Converting from ISO-IR-87 to UTF-8 encoding
I am working on Debian and derivatives system. I’d like to convert from an original input ISO-IR-87 to UTF-8. Is there an easy way to do it ?
For reference:
% iconv -l | grep "IR-8"
ISO-IR-8-1//
ISO-IR-84//
ISO-IR-85//
ISO-IR-86//
ISO-IR-88//
ISO-IR-89//
% dpkg -S /usr/bin/iconv
libc-bin: /usr/bin/iconv
% apt-cache policy libc-bin
libc-bin:
Installed: 2.36-9+deb12u3
Candidate: 2.36-9+deb12u3
Version table:
*** 2.36-9+deb12u3 500
500 http://security.debian.org/debian-security bookworm-security/main amd64 Packages
100 /var/lib/dpkg/status
2.36-9+deb12u2 500
500 http://deb.debian.org/debian bookworm/main amd64 Packages
recode seems to be working on my system (thanks @frostschutz):
% echo -n 'ABC' > t.txt
% recode -v UTF-8..JIS_X0208 t.txt
Request: UTF-8..:libiconv:..JIS_X0208
Shrunk to: UTF-8..JIS_X0208
Recoding t.txt... done
% recode -v JIS_X0208..UTF-8 t.txt
Request: JIS_X0208..:libiconv:..UTF-8
Shrunk to: JIS_X0208..UTF-8
Recoding t.txt... done
GNU recode
seems to support it:
$ recode -l | grep -i ISO-IR-87 JIS_X0208 csISO87JISX0208 ISO-IR-87 JIS0208 JISX0208.1983-0 JISX0208.1990-0 JIS_X0208-1983 JIS_X0208-1990 X0208
So:
recode ISO-IR-87..UTF-8
It looks like it has many other names (see https://en.wikipedia.org/wiki/JIS_X_0208 for even more) but none of them seem to be supported by iconv
of the GNU libc.

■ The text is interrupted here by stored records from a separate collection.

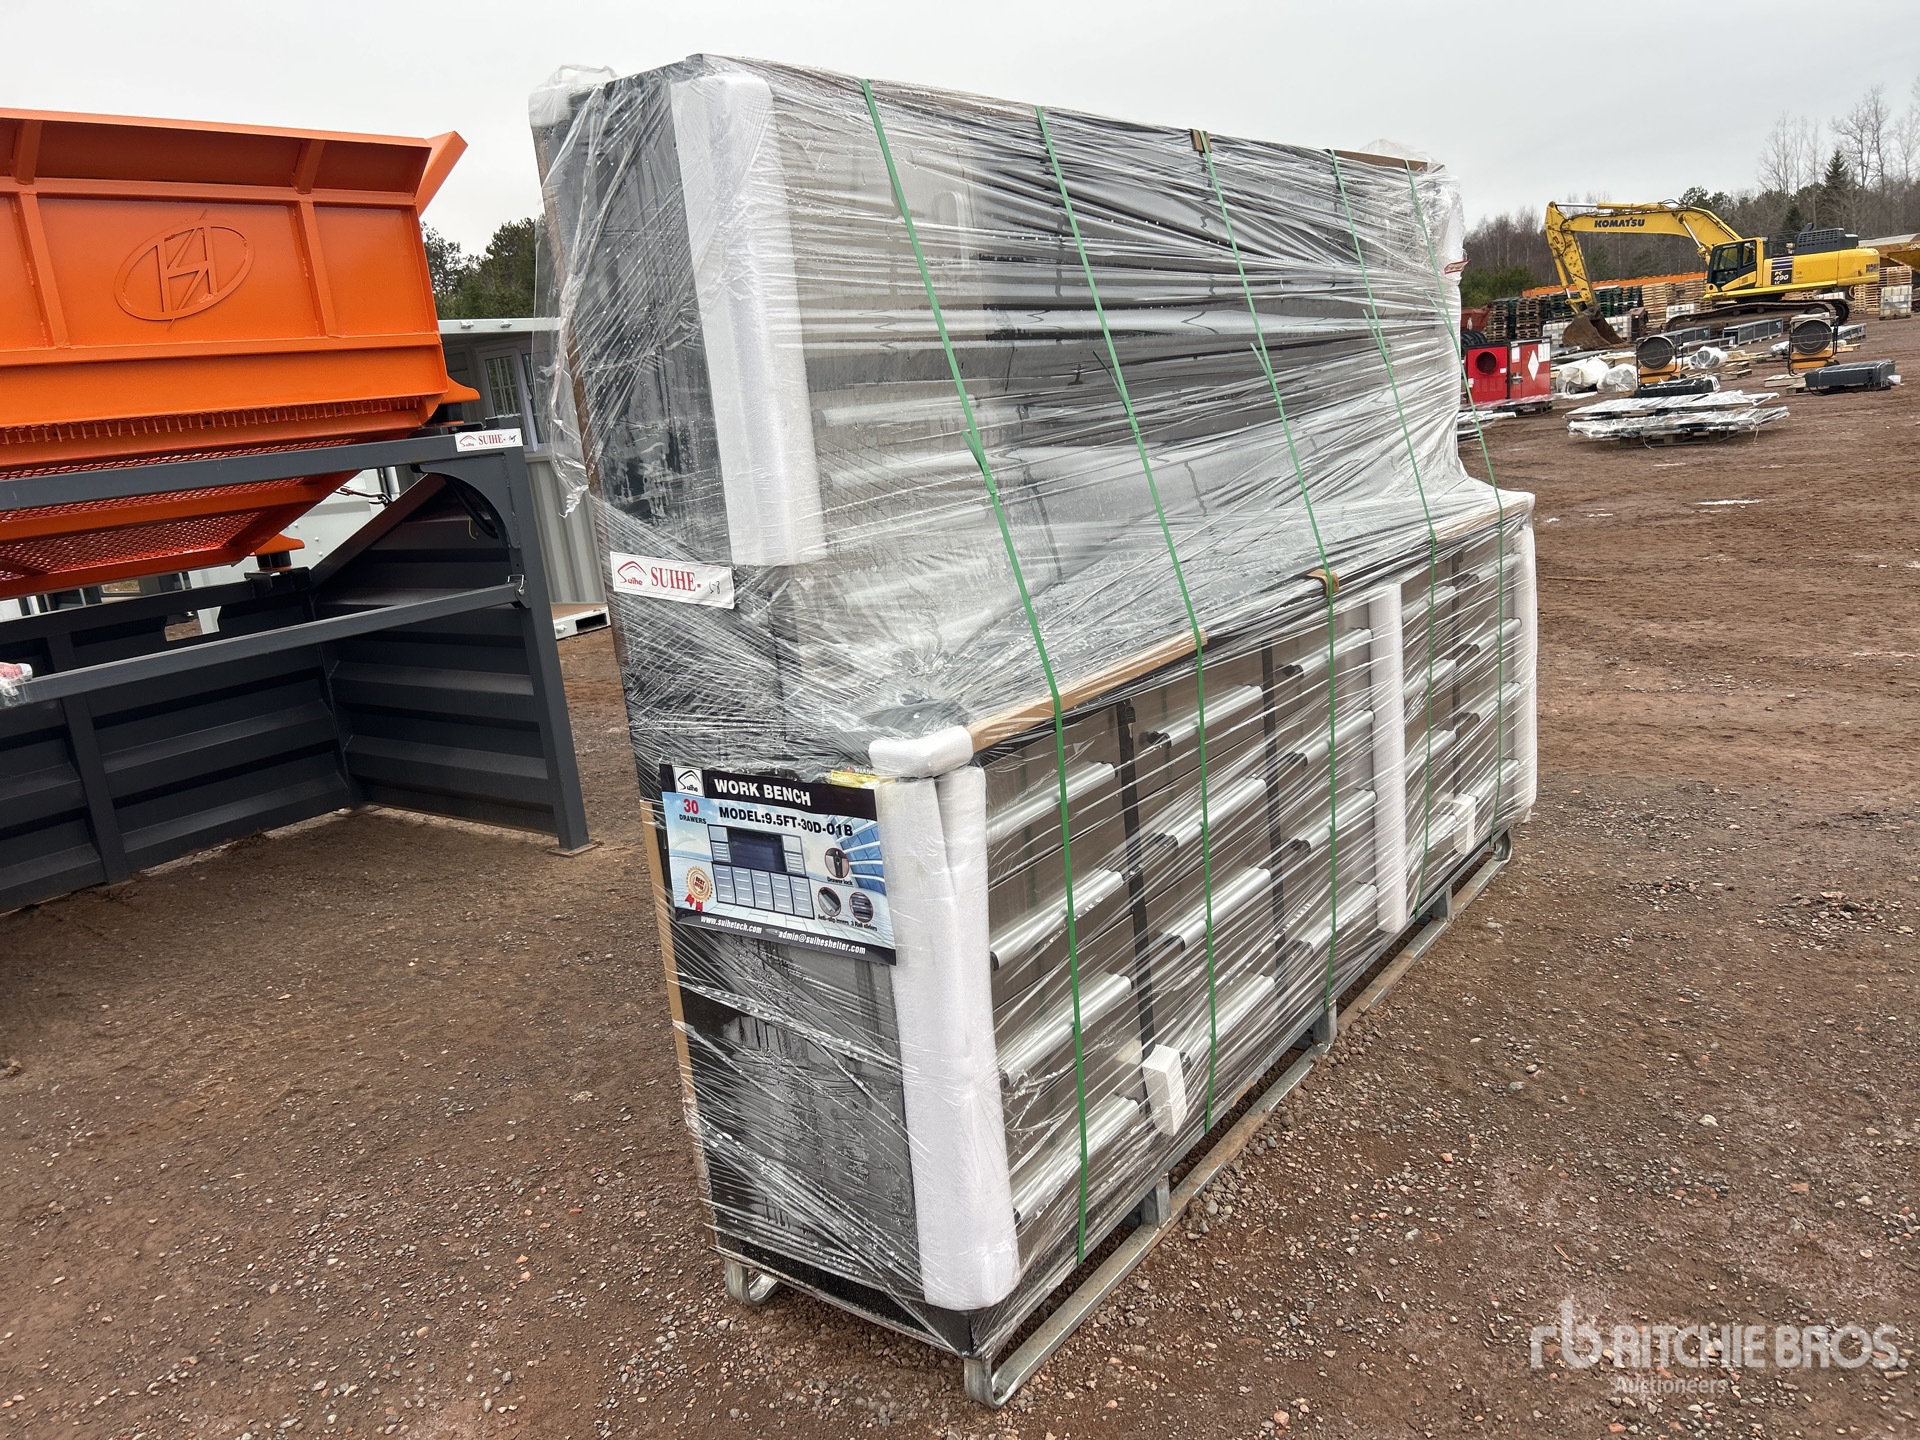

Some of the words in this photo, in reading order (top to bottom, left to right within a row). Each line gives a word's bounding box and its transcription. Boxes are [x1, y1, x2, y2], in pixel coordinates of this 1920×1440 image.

[1594, 217, 1645, 228] KOMATSU
[714, 778, 760, 797] WORK
[763, 784, 811, 806] BENCH
[683, 798, 699, 815] 30
[679, 814, 707, 825] DRAWERS
[701, 915, 762, 935] www.suihetech.com
[777, 930, 867, 955] admin@suiheshelter.com
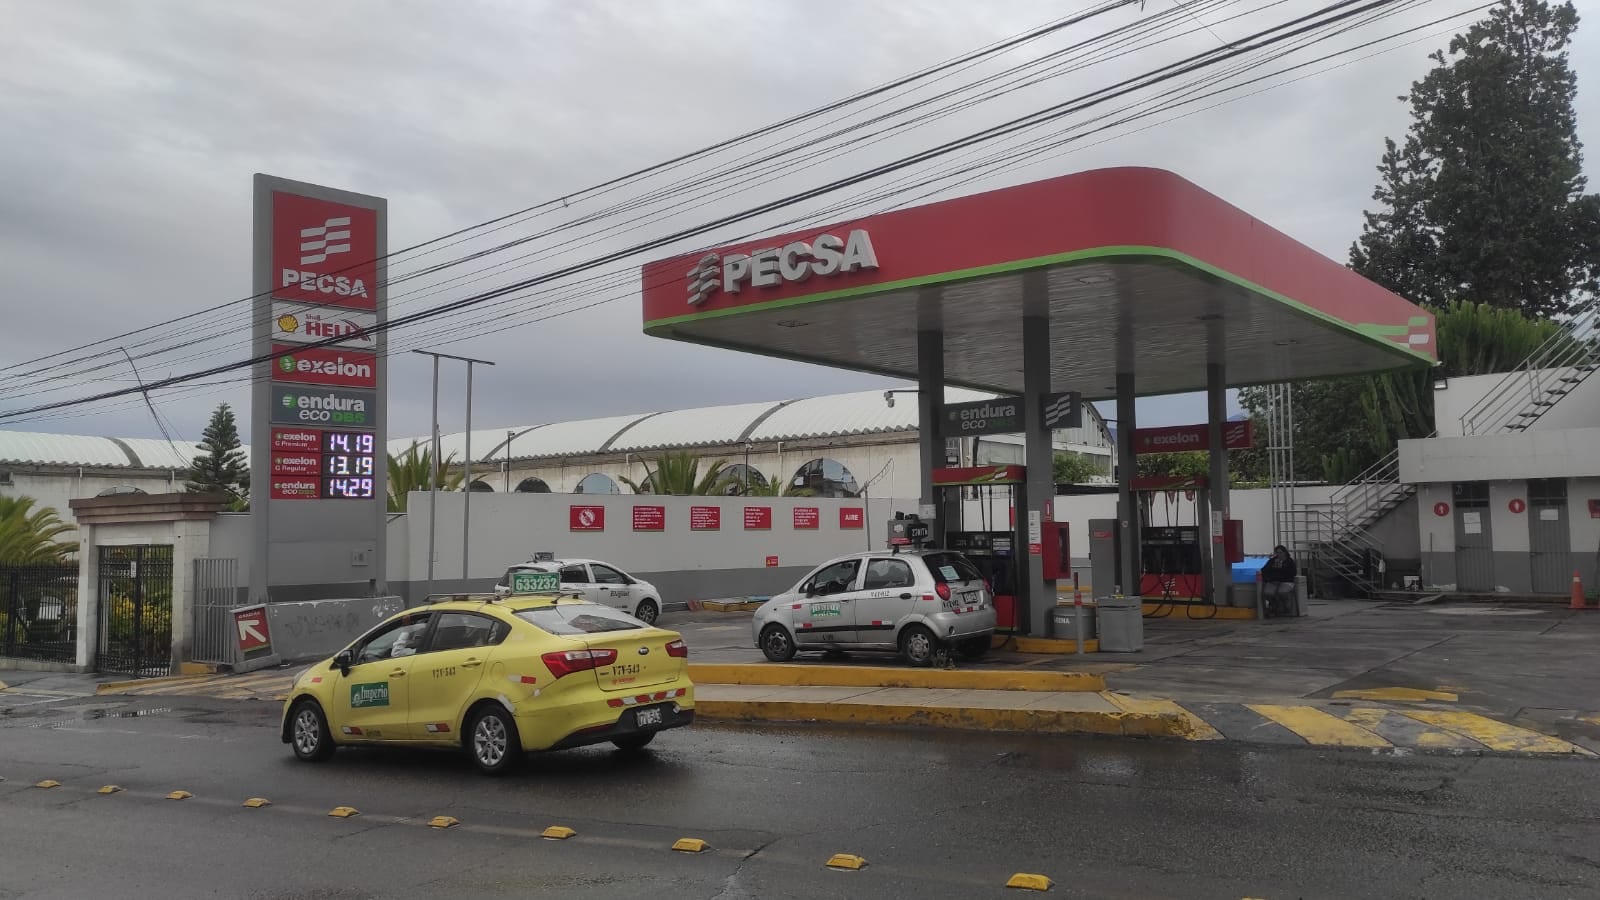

That Wikipedia article suggests that Japanese character set was not properly specified, with incompatibilities between implementations and is not currently in use which may explain why it’s not been included in the GNU libc (even if it has been in GNU’s standalone iconv library as indicated by @frostschutz).